Extracted data entries:
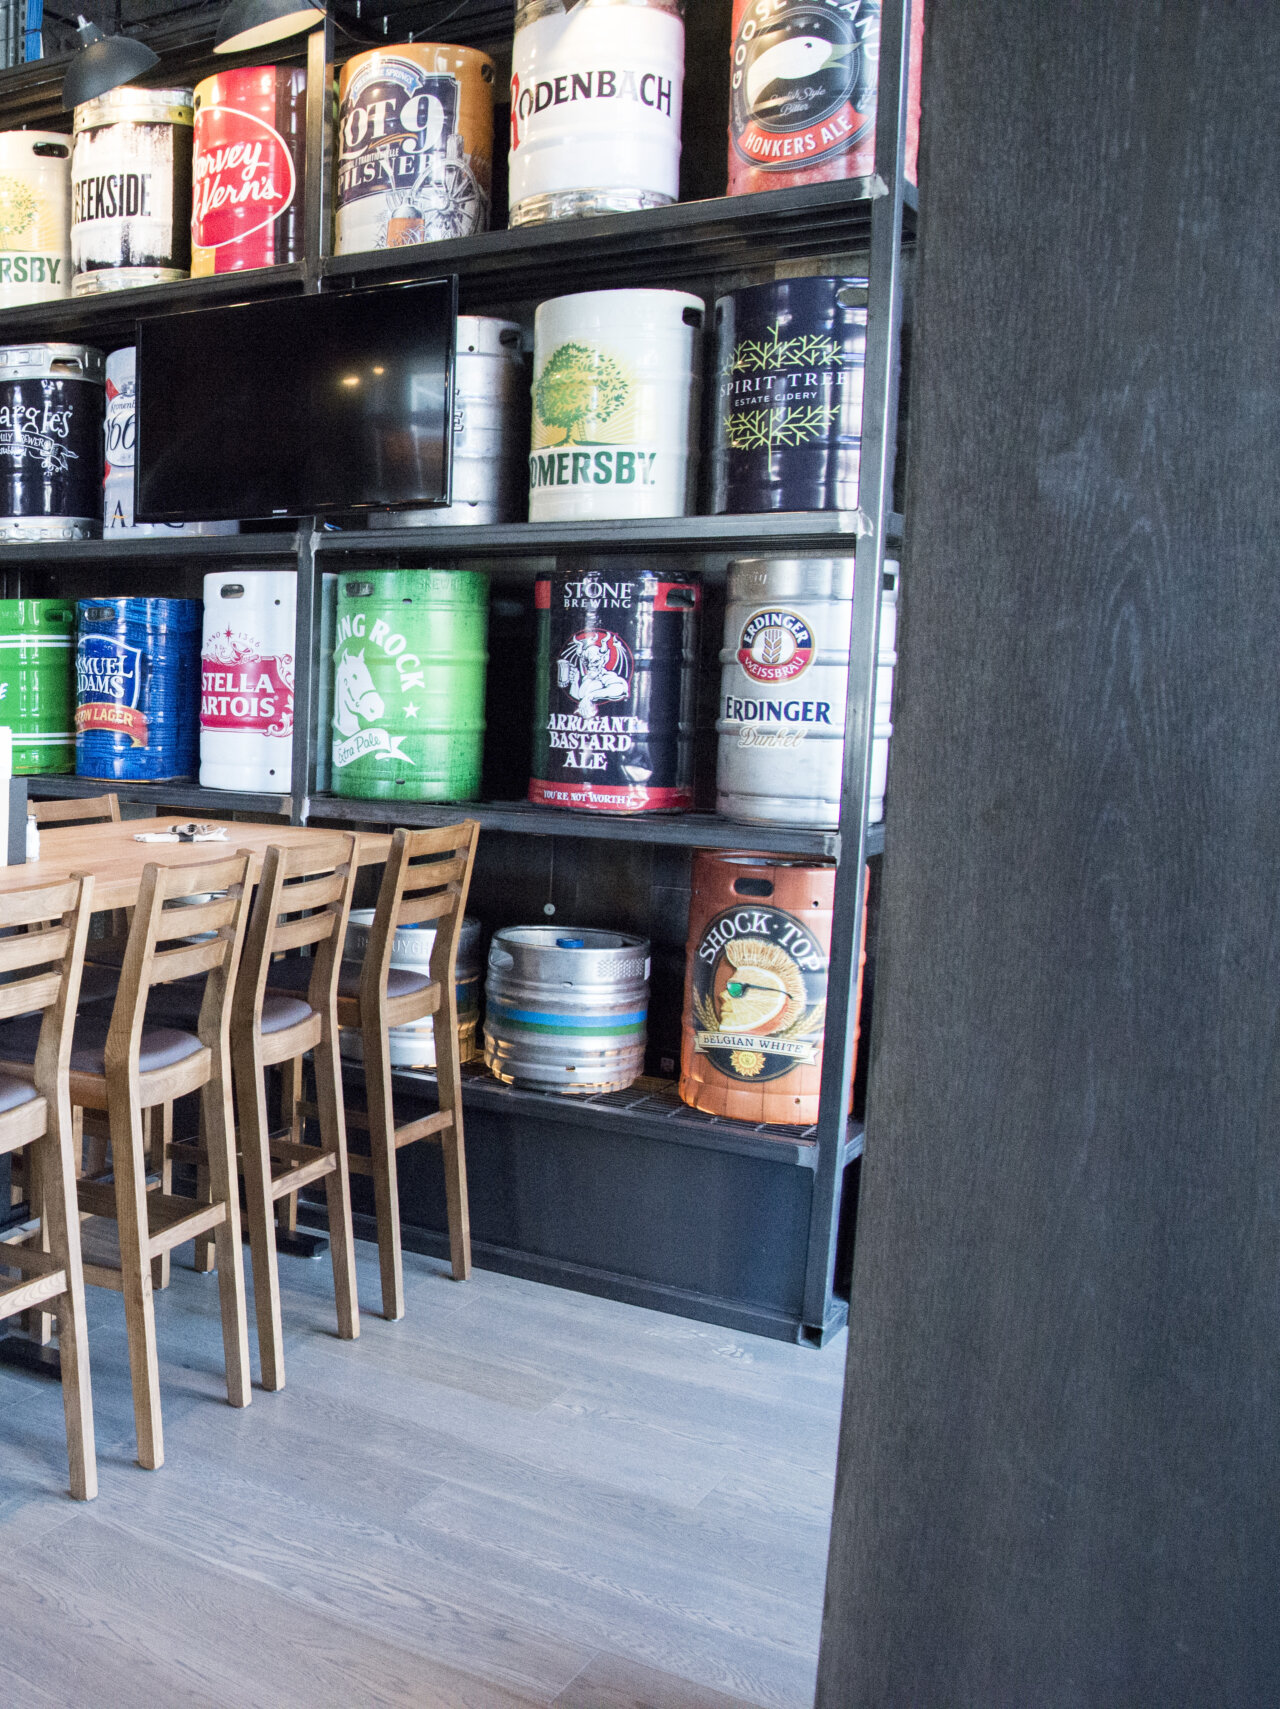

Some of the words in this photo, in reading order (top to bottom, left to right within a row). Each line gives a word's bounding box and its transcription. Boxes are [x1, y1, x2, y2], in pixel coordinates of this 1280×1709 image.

[800, 84, 828, 100] Style
[779, 101, 811, 116] Bitter
[401, 94, 445, 154] 9
[745, 132, 817, 158] HONKERS
[821, 115, 854, 144] ALE
[199, 173, 283, 222] Vern's
[720, 375, 777, 398] SPIRIT
[787, 371, 850, 387] TREE
[735, 395, 771, 407] ESTATE
[774, 391, 818, 403] CIDERY
[563, 581, 632, 599] STONE
[564, 599, 632, 609] BREWING
[743, 613, 810, 645] ERDINGER
[369, 618, 426, 694] ROCK
[202, 671, 276, 694] STELLA
[93, 708, 134, 727] LAGER
[201, 695, 276, 718] ARTOIS
[725, 696, 832, 726] ERDINGER
[547, 712, 639, 734] ARROGANT
[356, 732, 381, 754] Pale
[549, 730, 632, 752] BASTARD
[737, 725, 805, 748] Dunkel
[562, 750, 608, 771] ALE
[543, 790, 569, 801] YOU'RE
[570, 792, 588, 802] NOT
[587, 791, 634, 805] WORTHY
[699, 911, 773, 965] SHOCK
[778, 922, 821, 972] TOP
[703, 1033, 755, 1047] BELGIAN
[759, 1039, 804, 1053] WHITE

■ **Aim of the task**
Leave every picture out and output the records exactly.

■ **Your response**
Some of the words in this photo, in reading order (top to bottom, left to right within a row). Each line gives a word's bounding box and its transcription. Boxes are [x1, y1, x2, y2], in pixel coordinates of this 1280×1709 image.

[800, 84, 828, 100] Style
[779, 101, 811, 116] Bitter
[401, 94, 445, 154] 9
[745, 132, 817, 158] HONKERS
[821, 115, 854, 144] ALE
[199, 173, 283, 222] Vern's
[720, 375, 777, 398] SPIRIT
[787, 371, 850, 387] TREE
[735, 395, 771, 407] ESTATE
[774, 391, 818, 403] CIDERY
[563, 581, 632, 599] STONE
[564, 599, 632, 609] BREWING
[743, 613, 810, 645] ERDINGER
[369, 618, 426, 694] ROCK
[202, 671, 276, 694] STELLA
[93, 708, 134, 727] LAGER
[201, 695, 276, 718] ARTOIS
[725, 696, 832, 726] ERDINGER
[547, 712, 639, 734] ARROGANT
[356, 732, 381, 754] Pale
[549, 730, 632, 752] BASTARD
[737, 725, 805, 748] Dunkel
[562, 750, 608, 771] ALE
[543, 790, 569, 801] YOU'RE
[570, 792, 588, 802] NOT
[587, 791, 634, 805] WORTHY
[699, 911, 773, 965] SHOCK
[778, 922, 821, 972] TOP
[703, 1033, 755, 1047] BELGIAN
[759, 1039, 804, 1053] WHITE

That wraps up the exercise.